Nabokov in Kristy's Reading Corner

Yesterday I finished reading Bend Sinister by Vladimir Nabokov. This is the first book Nabokov wrote while living the United States, and it's a powerful and poetic political satire (although more than that, really). The basic plot finds the recently widowed Krug, the foremost philosopher in a small, unnamed Eastern European state, living under the new dictatorship of Paduk, a former-classmate that Krug used to bully in the school yard. Krug's friends and eventually his son become pawns in Paduk's quest to get Krug to officially endorse his regime. Along the way the reader gets a wonderful parody of Hamlet, commentary on translation, poetic descriptions, humorous encounters, and really much more than I'm able to describe.
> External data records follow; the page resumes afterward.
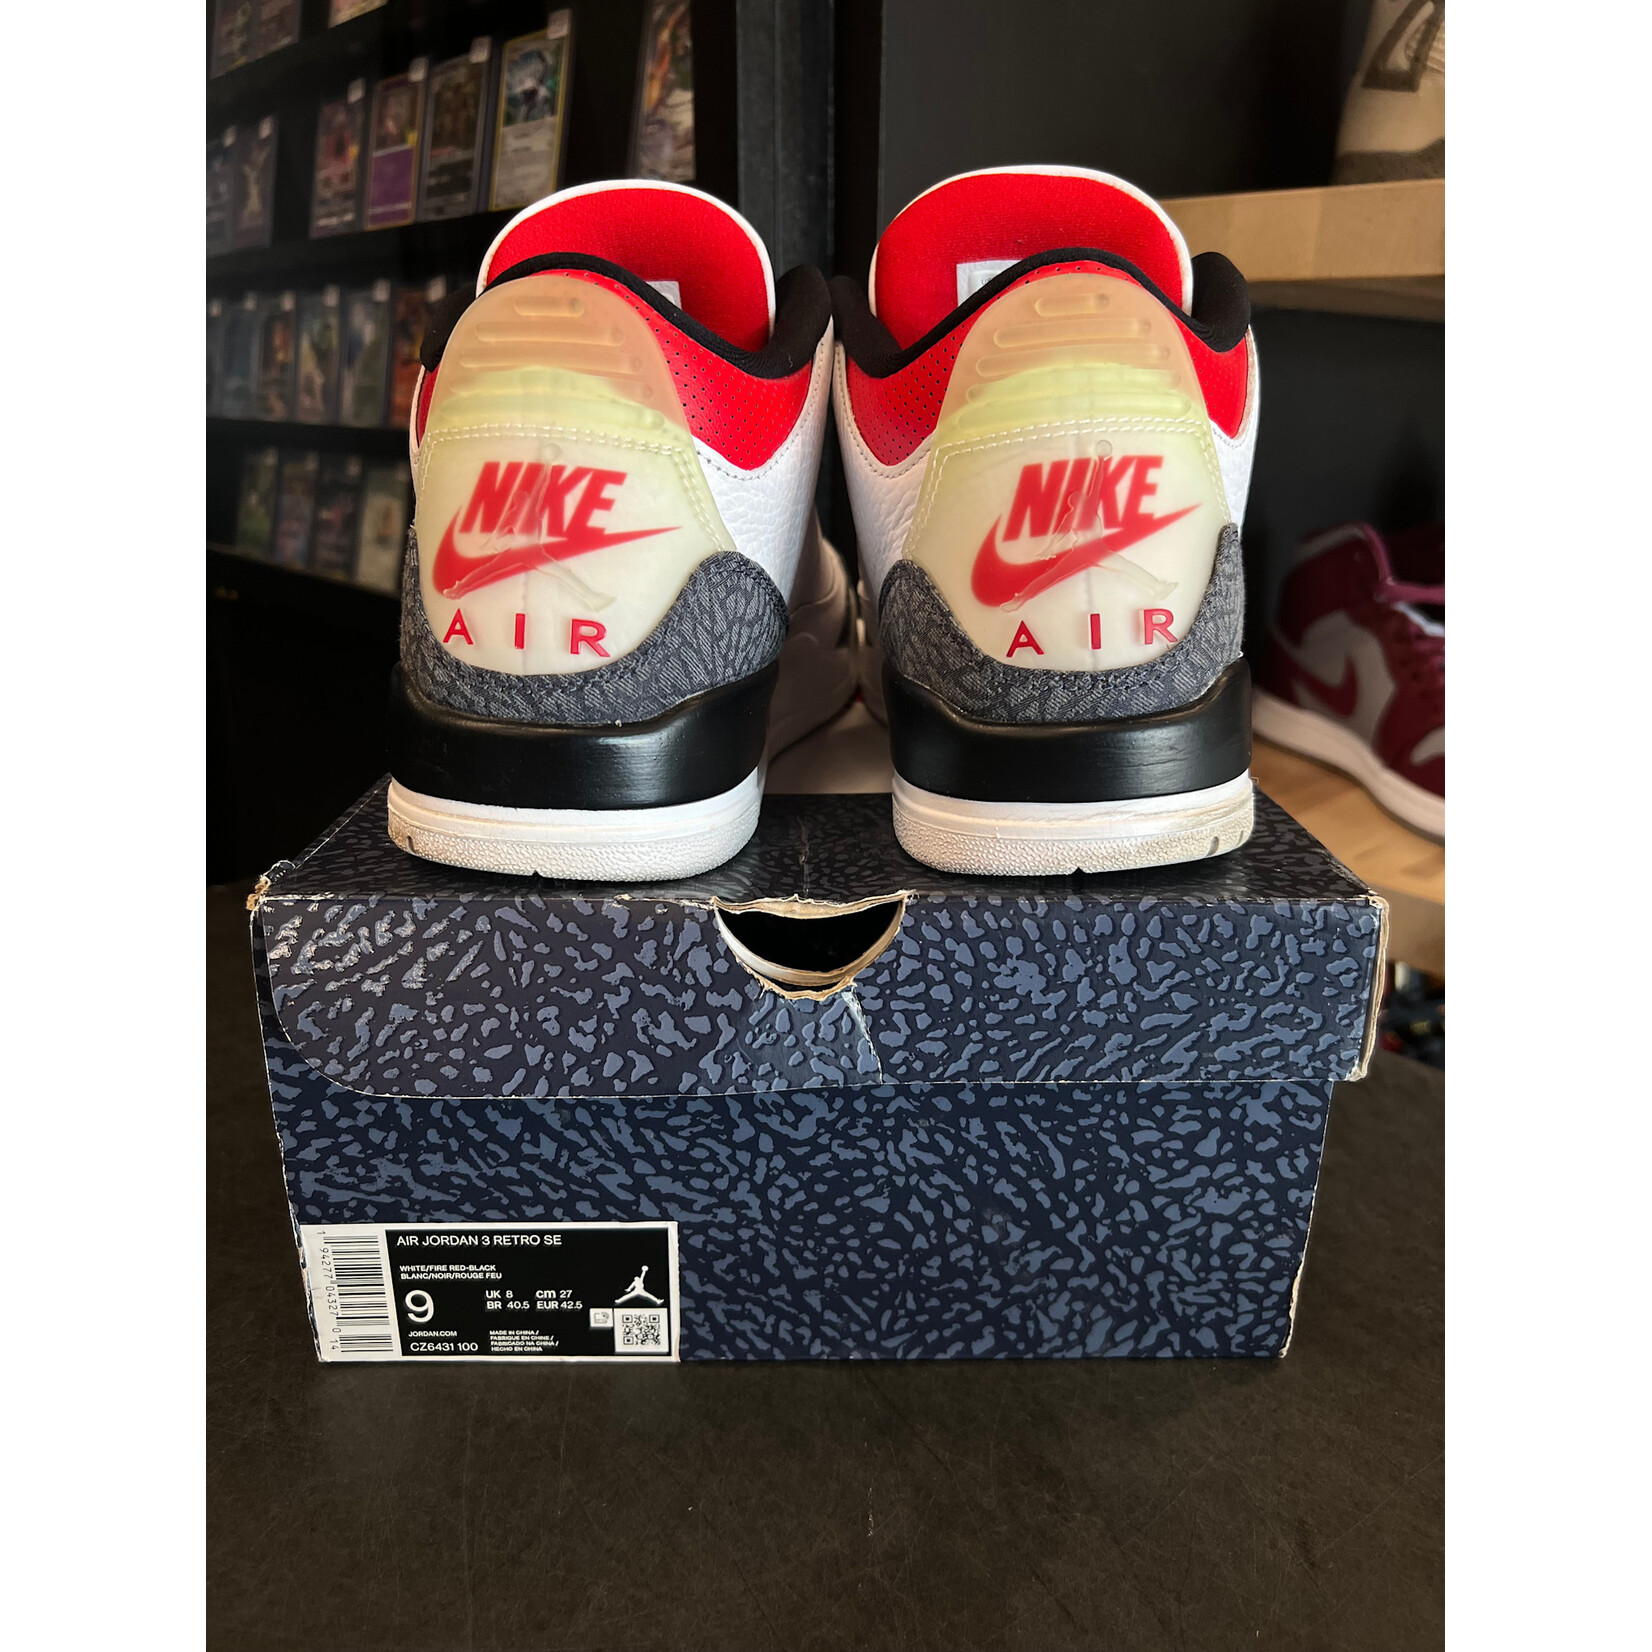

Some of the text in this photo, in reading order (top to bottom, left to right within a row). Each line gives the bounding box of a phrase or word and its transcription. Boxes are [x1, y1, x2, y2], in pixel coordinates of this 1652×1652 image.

[457, 461, 628, 538] NIKE
[1001, 454, 1163, 543] NIKE
[443, 608, 611, 658] AIR
[1006, 608, 1178, 658] AIR
[397, 1235, 562, 1246] AIR JORDAN 3 RETRO SE
[320, 1247, 333, 1279] 94277
[449, 1264, 496, 1272] RED-BLACK
[400, 1272, 484, 1280] BLANC/NOIR/ROUGE
[485, 1290, 514, 1299] UK 8
[535, 1290, 573, 1299] cm 27
[325, 1285, 339, 1316] 04327
[405, 1289, 434, 1323] 9
[486, 1301, 530, 1310] BR 40.5
[537, 1300, 583, 1309] EUR 42.5
[410, 1342, 478, 1352] CZ6431 100
For a taste of the poetry, try this on for size:
"Old Azureus's manner of welcoming people was a silent rhapsody. Ecstatically beaming, slowly, tenderly, he would take your hand between his soft palms, hold it thus as if it were a long sought treasure of a sparrow all fluff and heart, in moist silence, peering at you the while with his beaming wrinkles rather than with his eyes, and then, very slowly, the silvery smile would start to dissolve, the tender old hands would gradually release their hold, a blank expression replace the fervent light of his pale fragile face, and he would leave you as if he had made a mistake, as if after all you were not the loved one -- the loved one whom, the next moment, he would espy in another corner, and again the smile would dawn, again the hands would enfold the sparrow, again it would all dissolve."

I bought this book years ago, but never read it. I'd read Lolita and liked it so much that I wanted to read more Nabokov. Then, when Josh and I moved in together, I was sorting through our collective books and noticed that we both had this one. In fact, we both had this exact same special edition with the awesome cover and introduction by Nabokov. I honestly can't remember if we kept mine or kept his, although I'm pretty sure the other copy is still at my old roommate's house.
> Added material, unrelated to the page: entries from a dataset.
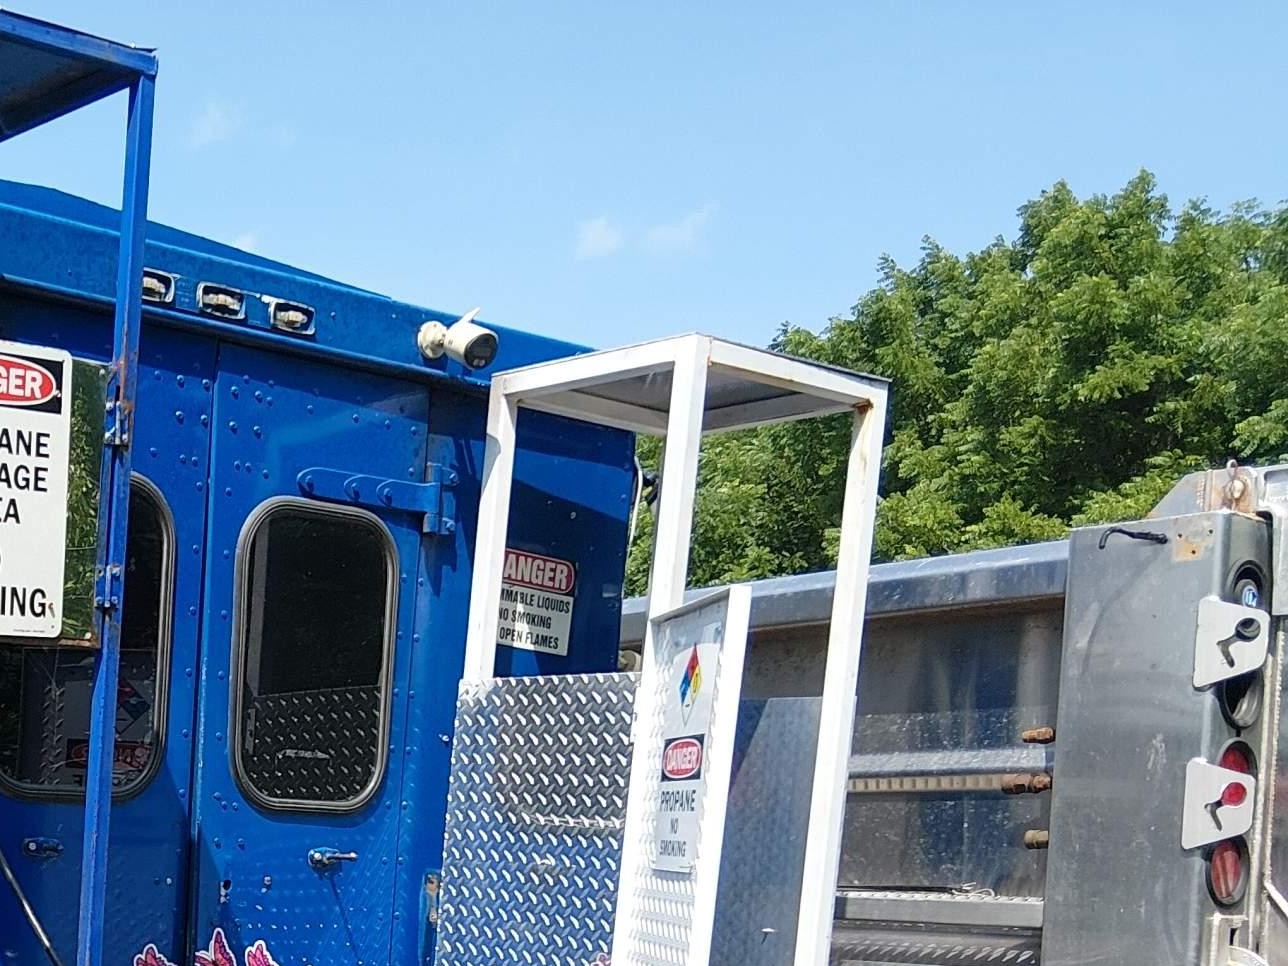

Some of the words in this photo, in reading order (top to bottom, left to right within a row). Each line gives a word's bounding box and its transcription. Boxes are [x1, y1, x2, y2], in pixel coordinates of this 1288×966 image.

[503, 553, 569, 590] ANGER
[500, 588, 535, 607] MMABLE
[537, 595, 570, 614] LIQUIDS
[511, 610, 552, 629] SMOKING
[499, 627, 523, 643] OPEN
[525, 632, 559, 650] FLAMES
[666, 746, 698, 771] DANGER
[660, 789, 696, 812] PROPANE
[669, 817, 679, 834] NO
[659, 840, 687, 857] SMOKING
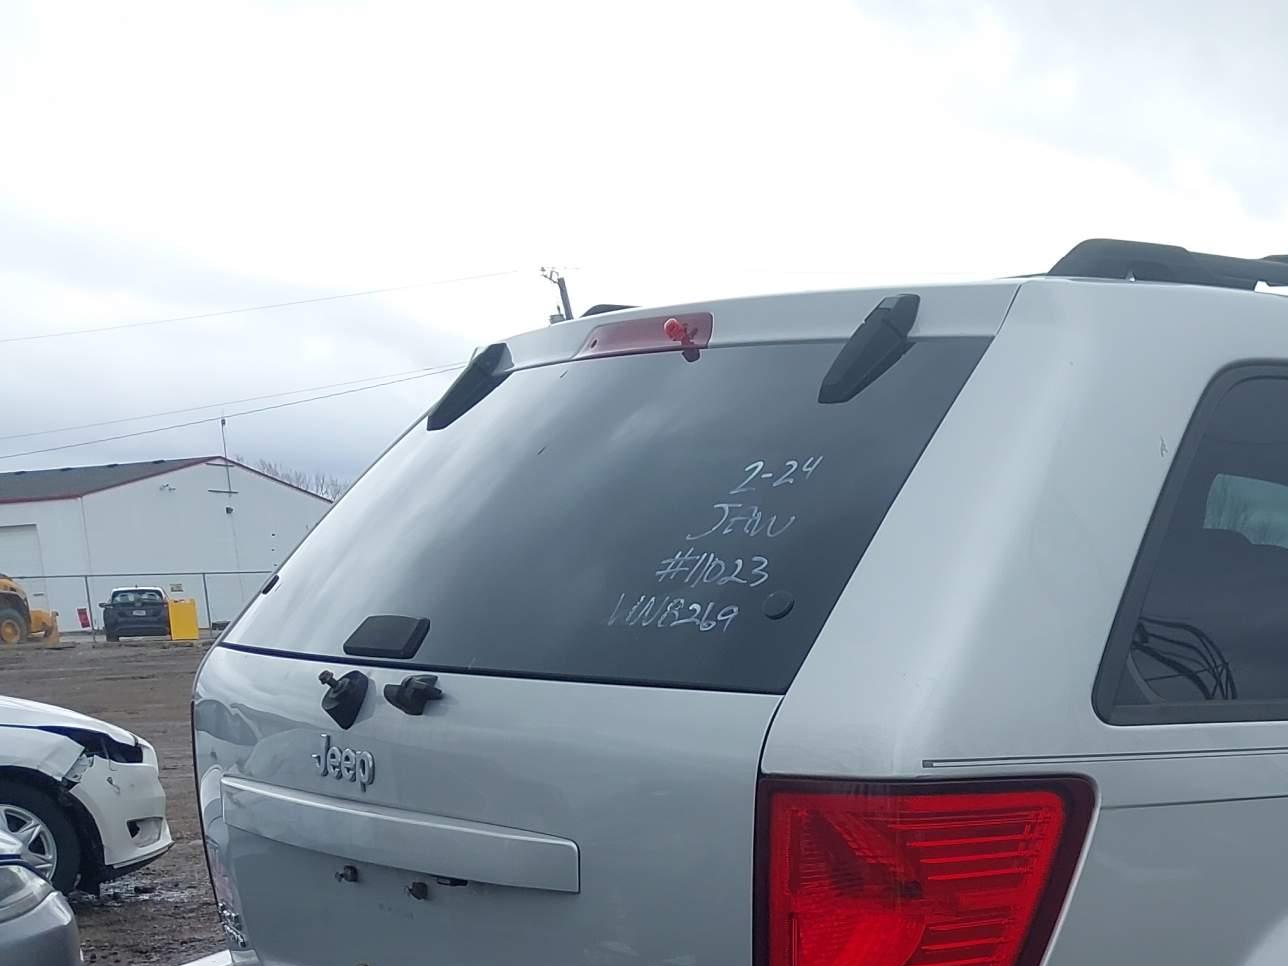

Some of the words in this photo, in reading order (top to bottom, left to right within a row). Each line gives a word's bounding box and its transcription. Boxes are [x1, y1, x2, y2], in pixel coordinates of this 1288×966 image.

[729, 455, 824, 495] 2-24
[655, 547, 769, 588] #11023
[311, 733, 376, 793] Jeep
This physical book is different than any of my other books -- it's a trade paperback, but with this stiff plasticy kind of cover, and deep red endpapers on the inside. The book is really stiff, but in kind of a comforting rather than irritating way. The pages are really thick and crisp. And just gaze upon back cover, which is even more wonderful than the front.


In other news, I know its boring to talk about ones health, but I am in the throes of the most horrible allergies known to man. My eyes are all crusty, the insides of my ears itch, my nose is about to fall off from itchiness, my throat is scratchy, and my head is killing me. Thus, I have stayed home from work and am able to compose long posts about books you should read... Ta da!


Krouchdog said...

I recently discovered that the correct way to pronounce his name is Vladimir (rhymes with redeemer)
Nah-BOA-koff (accent on the second syllable). I have always pronounced it NAH-ba-kov, but now I feel like an asshole walking around saying Nah-BOA-koff. So what's the deal? Do I look like a snob and say it correctly? Or, join the cool, dumb kids and say it America-style? Although Nabokov did once write, "One cannot hope to understand an author if one cannot even pronounce his name."

Dr. Mystery said...

Some people I know claim it's pronounced Na-BAH-kov. Who's right?

kristykay said...

The always helpful Merriam-Webster online dictionary has the pronunciation here. (Just click on the little speaker icon next to the word). Interestingly "Nabakovian" puts the emphasis on the first sylable just like I always have in my total ignorance of the correct pronunciation. And yes, we will all sound like assholes if we pronouce this the correct way.